Published: 2021/02/10


In the year 2003, Coleen Colombo joined BNC’s California branch in a senior underwriter position. Colombo’s office was part of the regional group offering a sizeable amount of loans to its customers. Colombo’s performance during the initial months was exemplary. This information was contained in a wrongful termination and harassment suit filed on her behalf and five fellow BNC employees in the California Superior Court. Coleen’s work environment changed for the worse in 2005 after a male colleague, working as a wholesaler started to bring her loans containing questionable attributes like incorrect salaries and occupations. Later on, the male colleague went as far as offering her a bribe, known as a spiff, in order to clear a loan that contained incorrect information (Downey, Hellriegel and Slocum n.p).

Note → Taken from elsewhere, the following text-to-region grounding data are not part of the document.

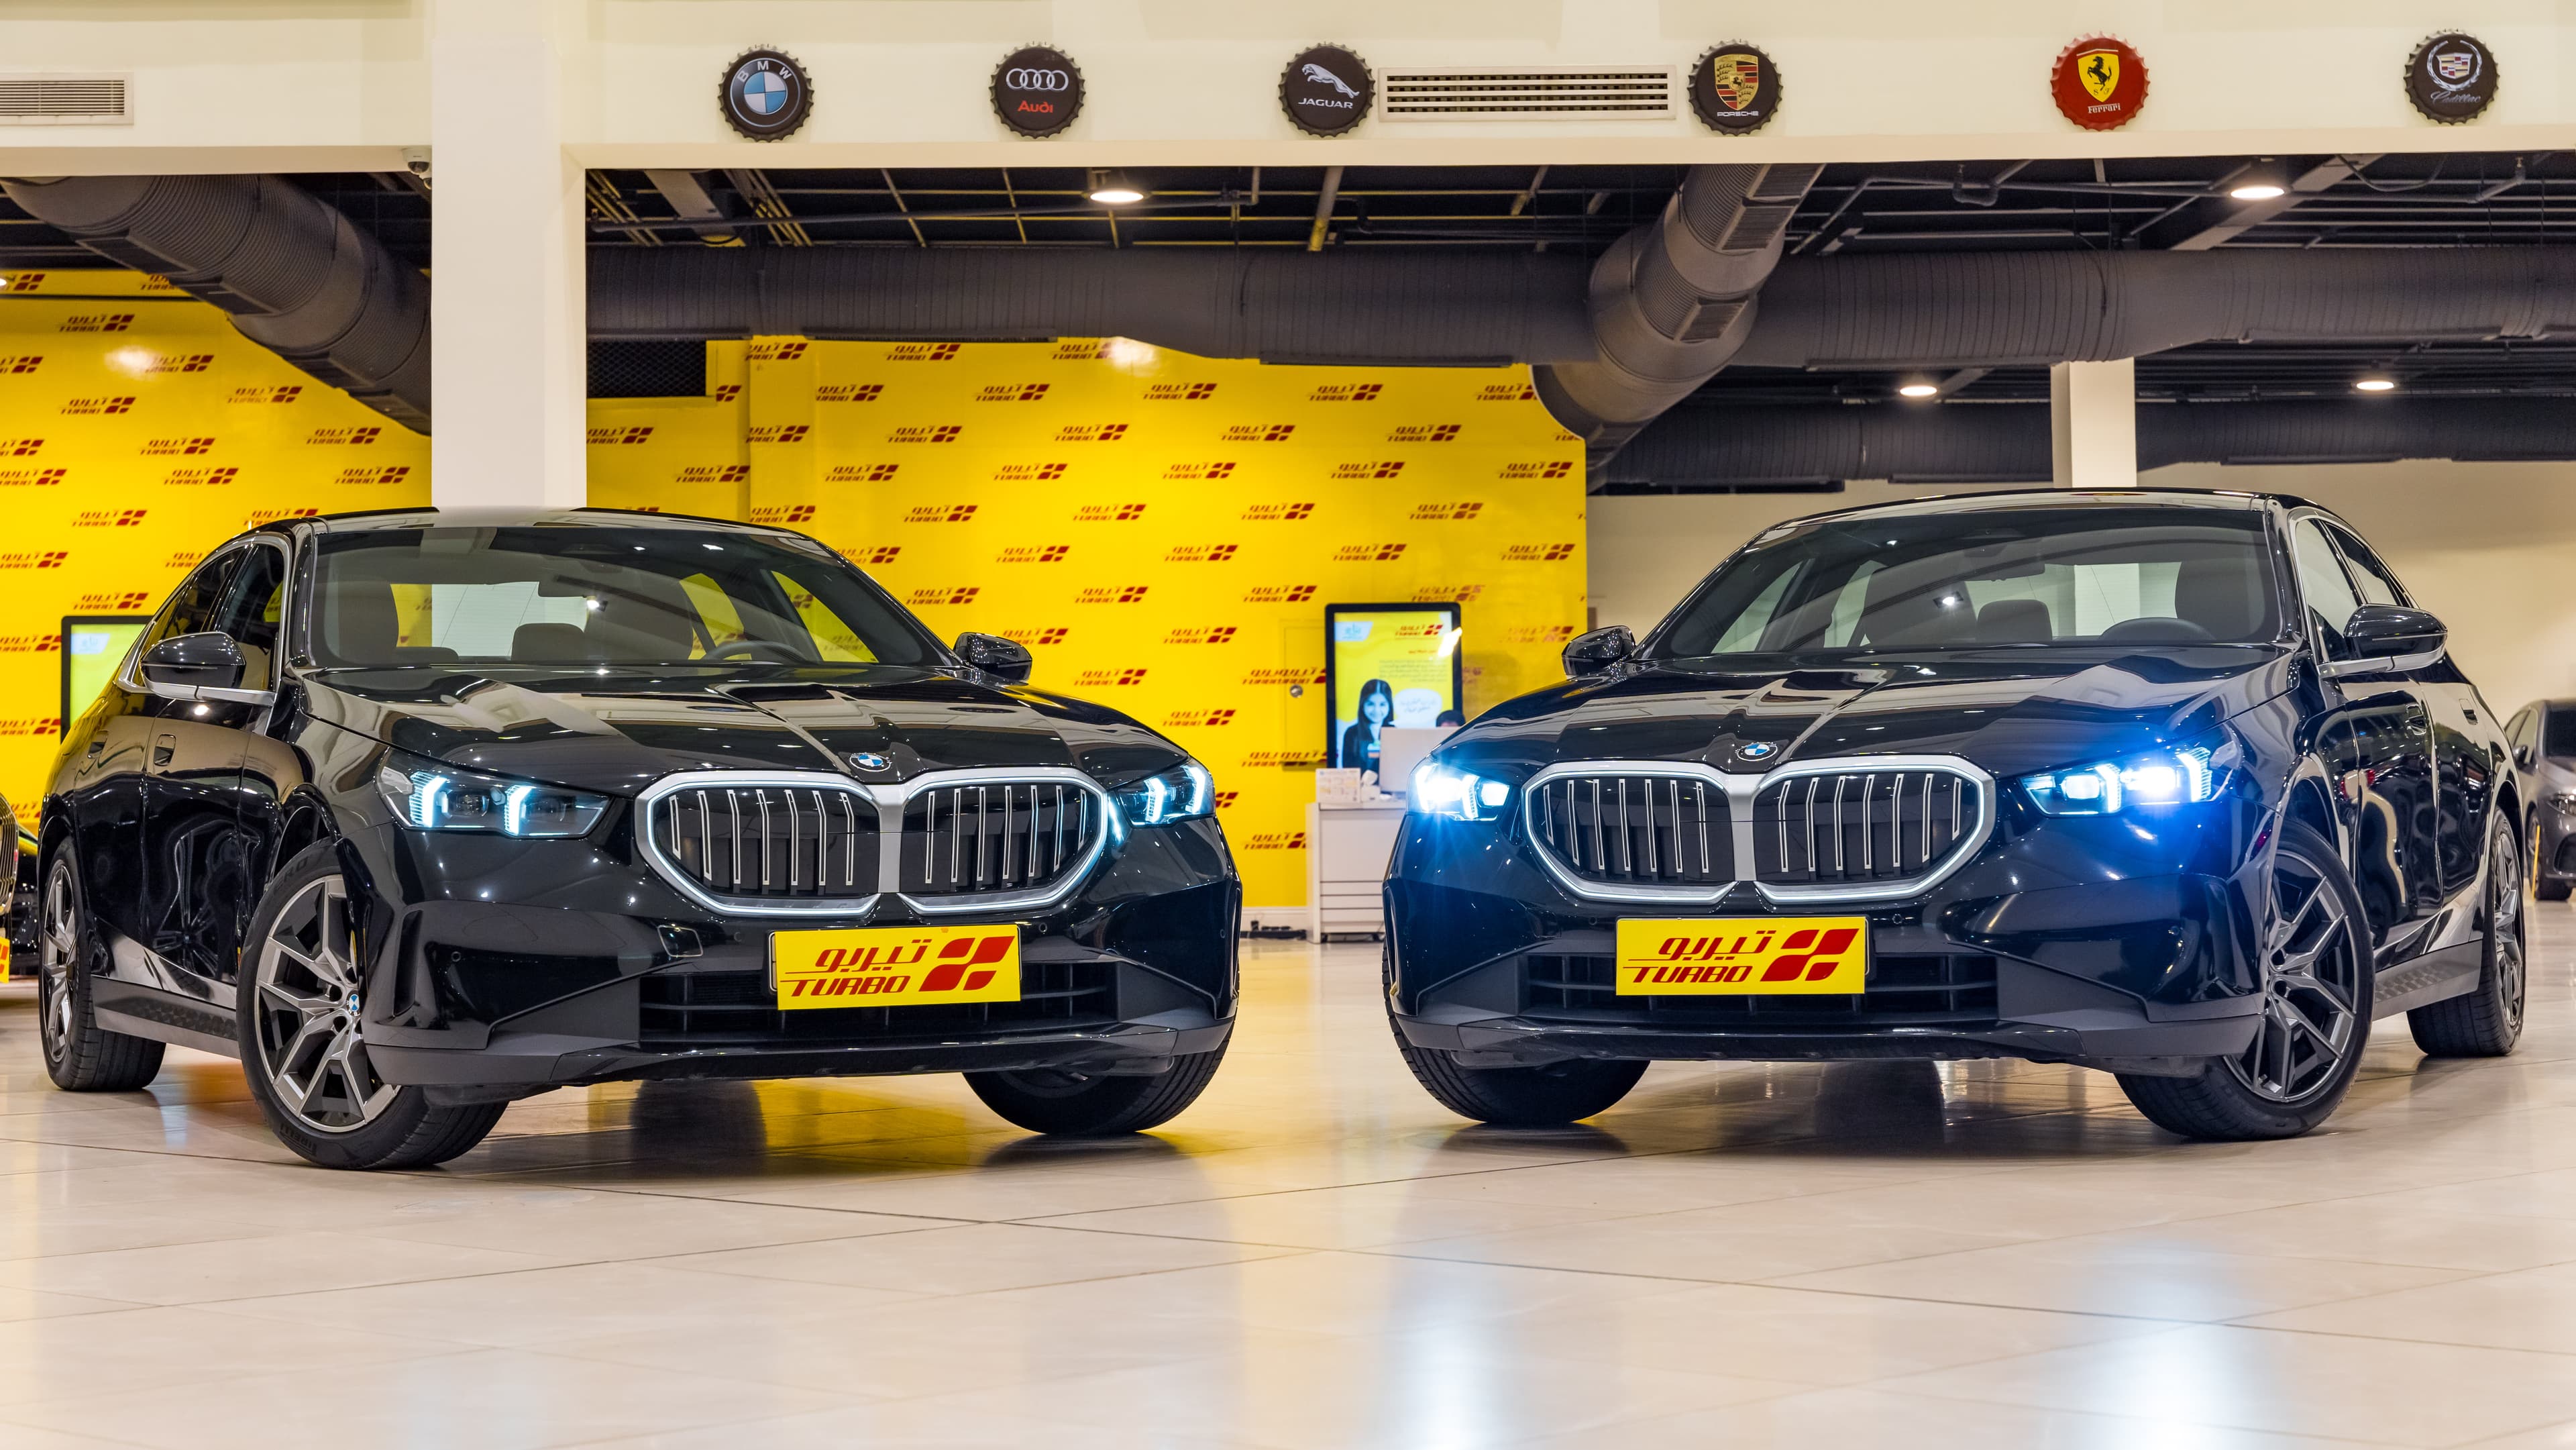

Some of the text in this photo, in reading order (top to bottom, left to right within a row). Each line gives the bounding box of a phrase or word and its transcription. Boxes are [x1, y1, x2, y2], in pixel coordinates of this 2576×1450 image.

[737, 60, 792, 83] BMW
[1017, 100, 1053, 113] Audi
[1298, 97, 1353, 109] JAGUAR
[2088, 103, 2121, 113] Ferrari
[1623, 966, 1753, 983] TURBO
[780, 975, 911, 996] TURBO

These bribes were prevalent in the organization, as evidenced by a former employee called Sylvia Vega-Sutfin. She posited that in order to approve the mortgages, the majority of the underwriters would demand a bribe. When Vega-Sutfin refused to comply, her life in the company suddenly took a turn for the worse, with her loan files disappearing mysteriously. This led to a substantial reduction in her commission checks. In the suit, Vega-Sutfin stated that her superiors had vowed to “make an example out of her” to intimidate others who made similar bribery complaints. Colombo also reports facing similar treatment from her bosses, with her complaints about attempted bribery brushed aside by the regional vice president. Colombo found herself threatened with dismissal if she persisted with her complaints. To exacerbate matters, the male employee behind the bribery attempts started to make sexual advances towards her. These occurrences made her stay in the company untenable, and she eventually resigned in 2005. In 2008, Lehman Brothers, BNC’s parent company filed for bankruptcy. This resulted in the putting on hold of the wrongful termination and harassment proceedings initiated by Colombo and the five other workers. However, Lehman Brother indicated its intention to oppose the allegations when proceedings resumed. During this period, sub-prime loans started to go bad which caused tough times for underwriters, a large number of whom had to leave the firm. Wall Street speedily reined in the firm’s mortgage and tightened the lending standards. They also forced the lenders to buy back the risky loans that it had previously been very happy to consume. Hence, the firm teetered on the verge of collapse, and the underwriter had to look elsewhere for jobs.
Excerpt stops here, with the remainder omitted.